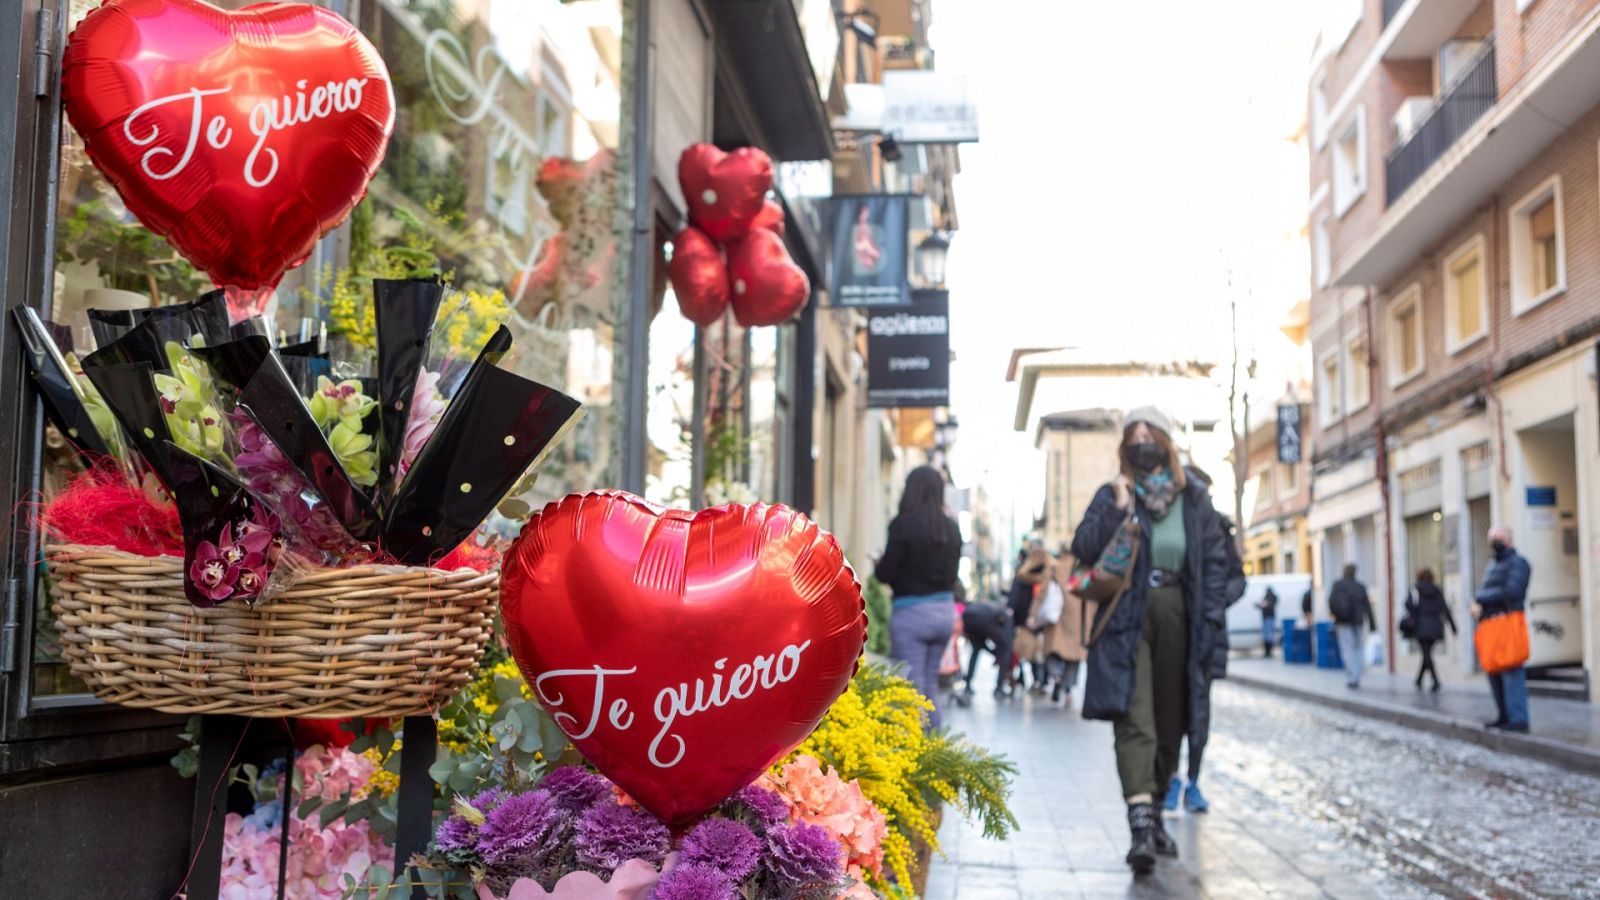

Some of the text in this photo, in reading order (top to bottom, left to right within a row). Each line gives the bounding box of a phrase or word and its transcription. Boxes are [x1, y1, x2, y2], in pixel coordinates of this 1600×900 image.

[123, 77, 368, 188] Te quiero
[536, 639, 811, 768] Te quiero
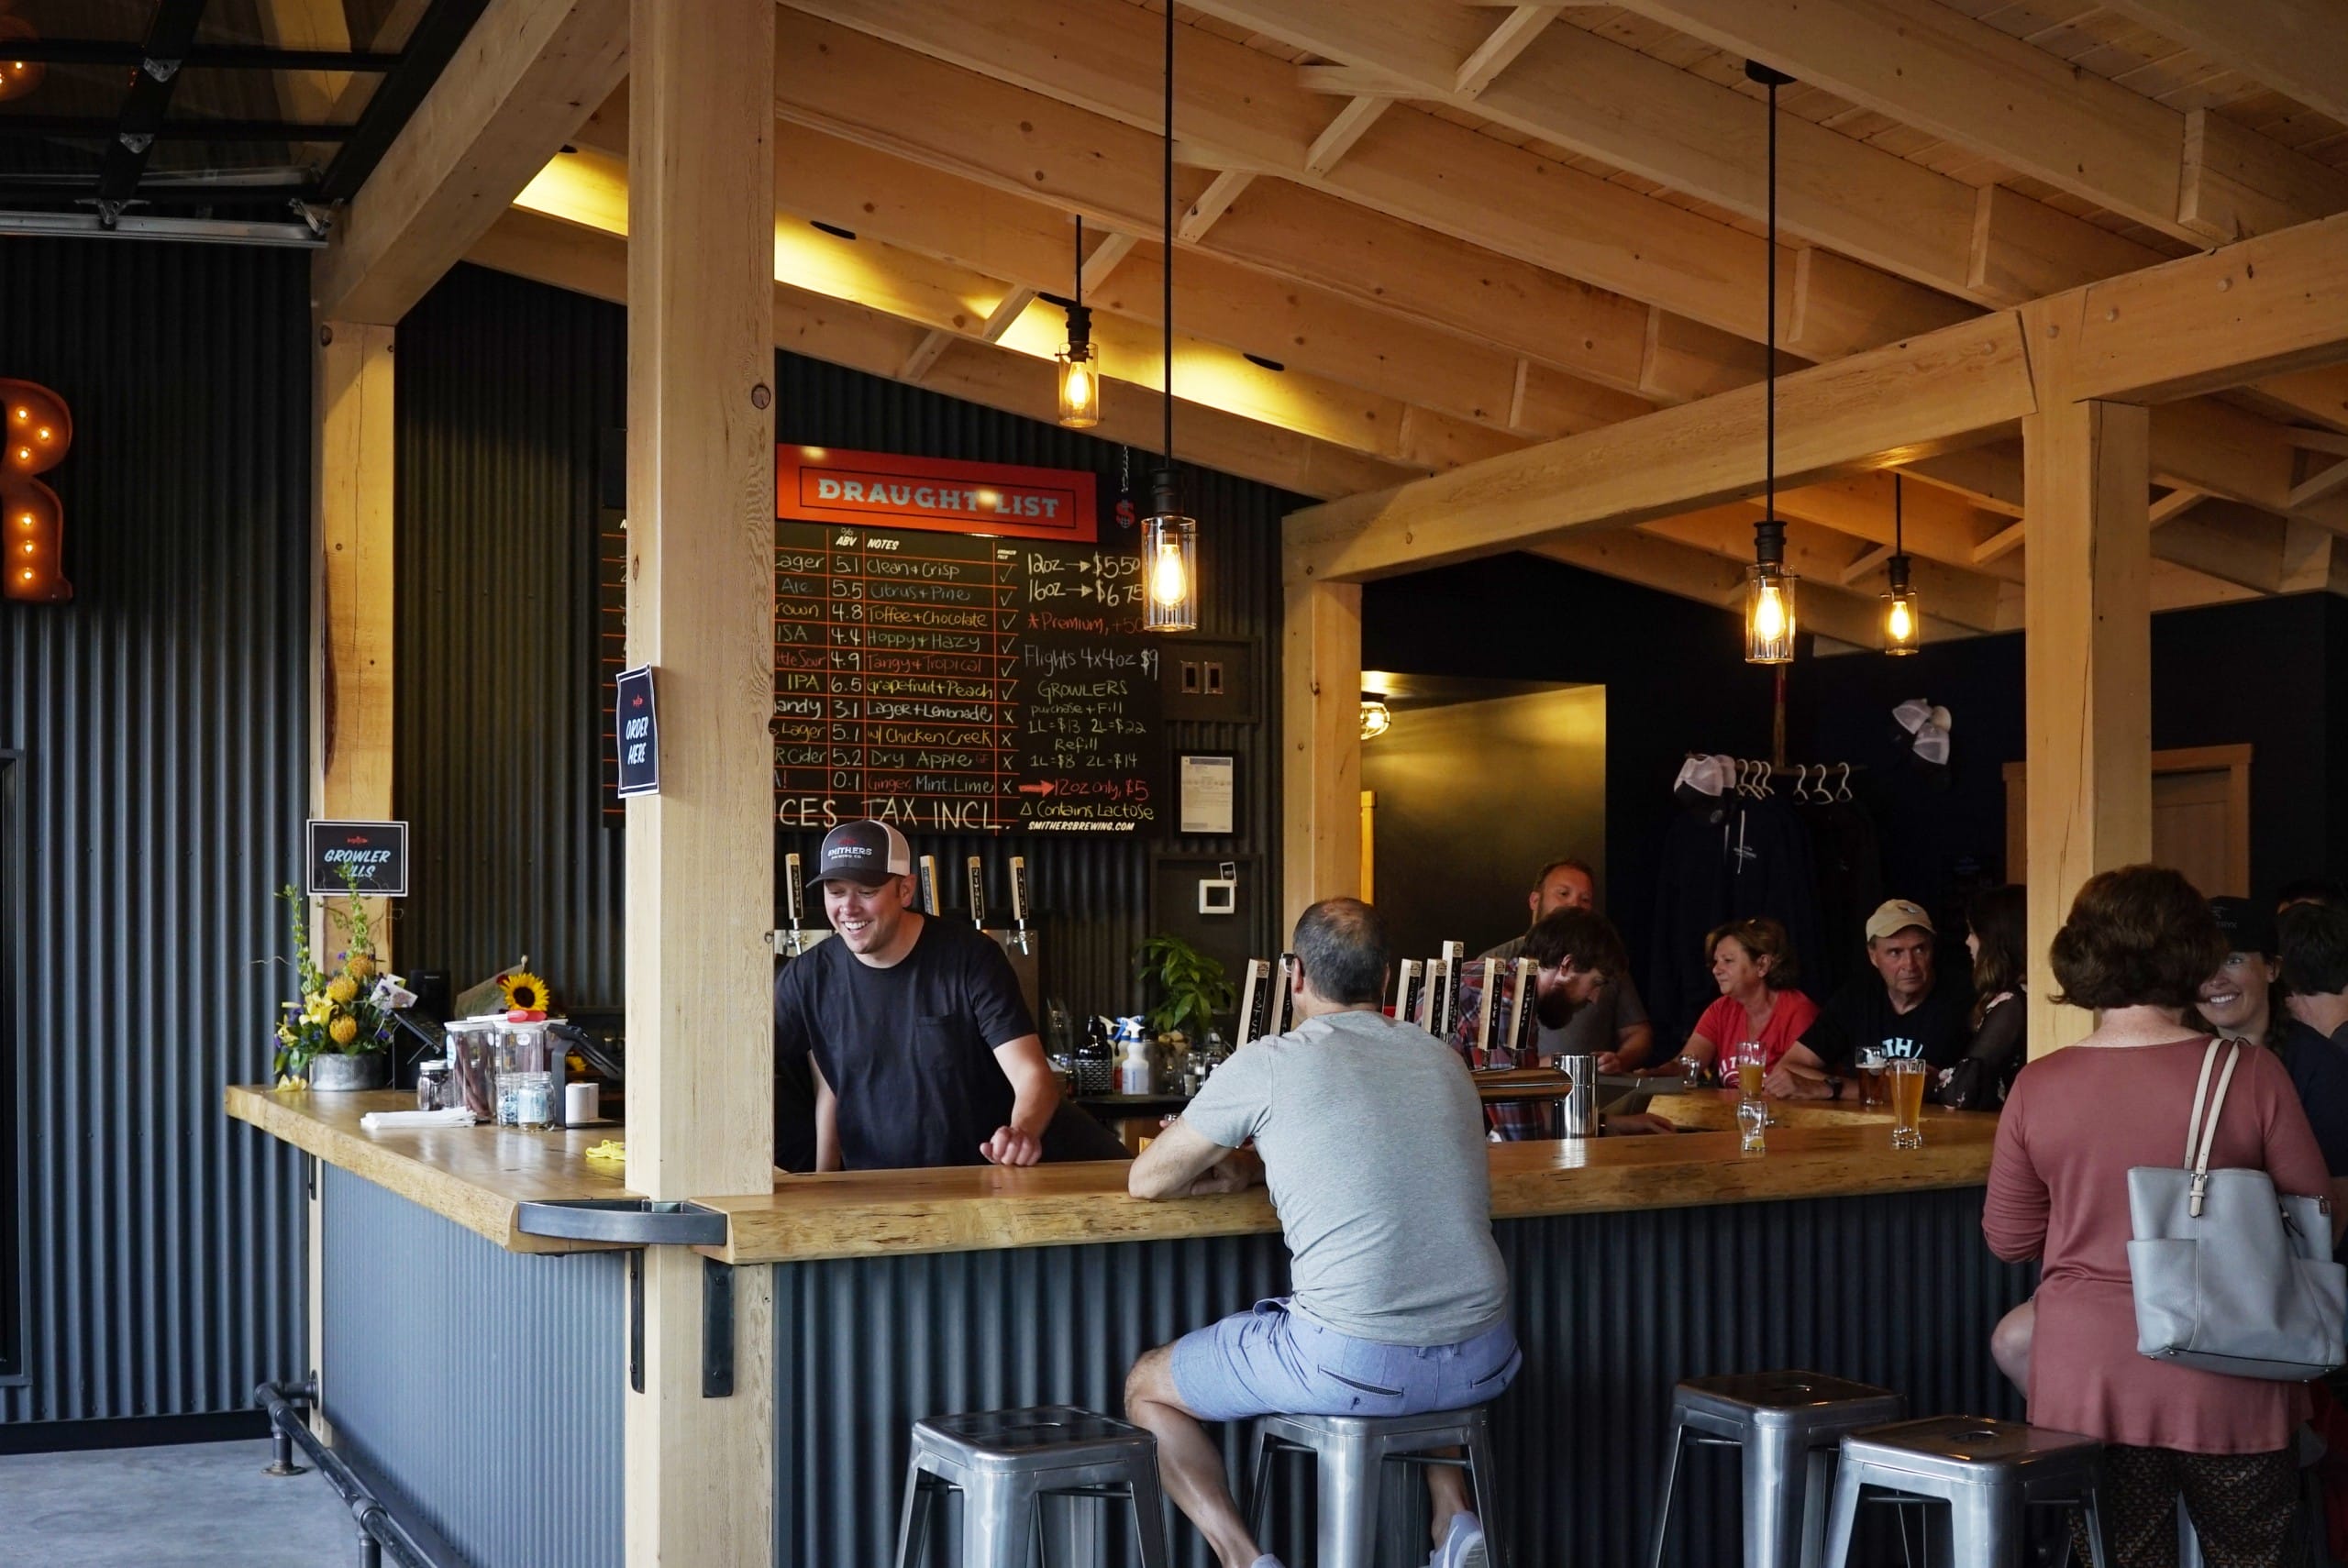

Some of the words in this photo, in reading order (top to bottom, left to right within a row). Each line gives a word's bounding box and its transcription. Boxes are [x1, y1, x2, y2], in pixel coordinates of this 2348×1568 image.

[818, 478, 979, 512] DRAUGHT
[994, 494, 1060, 518] LIST
[836, 536, 858, 547] ABV
[866, 538, 900, 550] NOTES
[834, 556, 858, 573] 5.1
[867, 558, 909, 576] Clean
[922, 562, 960, 580] Crisp
[1027, 552, 1066, 576] 12oz
[1092, 550, 1141, 579] $5.50
[832, 579, 863, 600] 5.5
[870, 582, 916, 600] Citrus
[931, 586, 970, 601] Pine
[1028, 579, 1067, 602] 16oz
[832, 602, 863, 622] 4.8
[867, 605, 913, 623] Toffee
[923, 610, 988, 627] Chocolate
[831, 627, 861, 646] 4.4
[867, 630, 915, 650] Hoppy
[932, 633, 980, 652] Hazy
[831, 651, 860, 671] 4.9
[867, 653, 911, 673] Tangy
[924, 654, 981, 674] Tropical
[1024, 644, 1078, 678] Flights
[1140, 647, 1159, 681] $9
[788, 674, 819, 691] IPA
[831, 677, 862, 693] 6.5
[946, 679, 992, 700] Peach
[1037, 679, 1129, 704] GROWLERS
[833, 700, 858, 719] 3.1
[924, 703, 993, 723] Lemonade
[1097, 701, 1123, 714] Fill
[626, 716, 649, 741] ORDER
[781, 722, 826, 743] Lager
[832, 723, 859, 741] 5.1
[886, 727, 945, 745] Chicken
[946, 729, 993, 747] Creek
[627, 742, 647, 766] HERE
[787, 745, 827, 764] Cider
[1055, 737, 1098, 753] Refill
[832, 749, 863, 767] 5.2
[870, 749, 904, 768] Dry
[916, 750, 972, 769] Apple
[833, 771, 859, 790] 0.1
[954, 777, 994, 793] Lime
[1055, 779, 1091, 796] 12oz
[1126, 778, 1149, 801] $5
[860, 795, 918, 826] TAX
[934, 801, 1011, 831] INCL.
[1037, 800, 1093, 818] Contains
[1097, 802, 1155, 820] Lactose
[1027, 821, 1135, 831] SMITHERSBREWING.COM
[324, 849, 392, 863] GROWLER

## [Work required]
Please write out all the entries above exactly, but leave out the pictures.

## [Written response]
Some of the text in this photo, in reading order (top to bottom, left to right within a row). Each line gives the bounding box of a phrase or word and its transcription. Boxes are [x1, y1, x2, y2], in pixel coordinates of this 1600×900 image.

[123, 77, 368, 188] Te quiero
[536, 639, 811, 768] Te quiero

Some of the words in this photo, in reading order (top to bottom, left to right within a row). Each line gives a word's bounding box and its transcription. Boxes are [x1, y1, x2, y2], in pixel coordinates of this 2348×1568 image.

[818, 478, 979, 512] DRAUGHT
[994, 494, 1060, 518] LIST
[836, 536, 858, 547] ABV
[866, 538, 900, 550] NOTES
[834, 556, 858, 573] 5.1
[867, 558, 909, 576] Clean
[922, 562, 960, 580] Crisp
[1027, 552, 1066, 576] 12oz
[1092, 550, 1141, 579] $5.50
[832, 579, 863, 600] 5.5
[870, 582, 916, 600] Citrus
[931, 586, 970, 601] Pine
[1028, 579, 1067, 602] 16oz
[832, 602, 863, 622] 4.8
[867, 605, 913, 623] Toffee
[923, 610, 988, 627] Chocolate
[831, 627, 861, 646] 4.4
[867, 630, 915, 650] Hoppy
[932, 633, 980, 652] Hazy
[831, 651, 860, 671] 4.9
[867, 653, 911, 673] Tangy
[924, 654, 981, 674] Tropical
[1024, 644, 1078, 678] Flights
[1140, 647, 1159, 681] $9
[788, 674, 819, 691] IPA
[831, 677, 862, 693] 6.5
[946, 679, 992, 700] Peach
[1037, 679, 1129, 704] GROWLERS
[833, 700, 858, 719] 3.1
[924, 703, 993, 723] Lemonade
[1097, 701, 1123, 714] Fill
[626, 716, 649, 741] ORDER
[781, 722, 826, 743] Lager
[832, 723, 859, 741] 5.1
[886, 727, 945, 745] Chicken
[946, 729, 993, 747] Creek
[627, 742, 647, 766] HERE
[787, 745, 827, 764] Cider
[1055, 737, 1098, 753] Refill
[832, 749, 863, 767] 5.2
[870, 749, 904, 768] Dry
[916, 750, 972, 769] Apple
[833, 771, 859, 790] 0.1
[954, 777, 994, 793] Lime
[1055, 779, 1091, 796] 12oz
[1126, 778, 1149, 801] $5
[860, 795, 918, 826] TAX
[934, 801, 1011, 831] INCL.
[1037, 800, 1093, 818] Contains
[1097, 802, 1155, 820] Lactose
[1027, 821, 1135, 831] SMITHERSBREWING.COM
[324, 849, 392, 863] GROWLER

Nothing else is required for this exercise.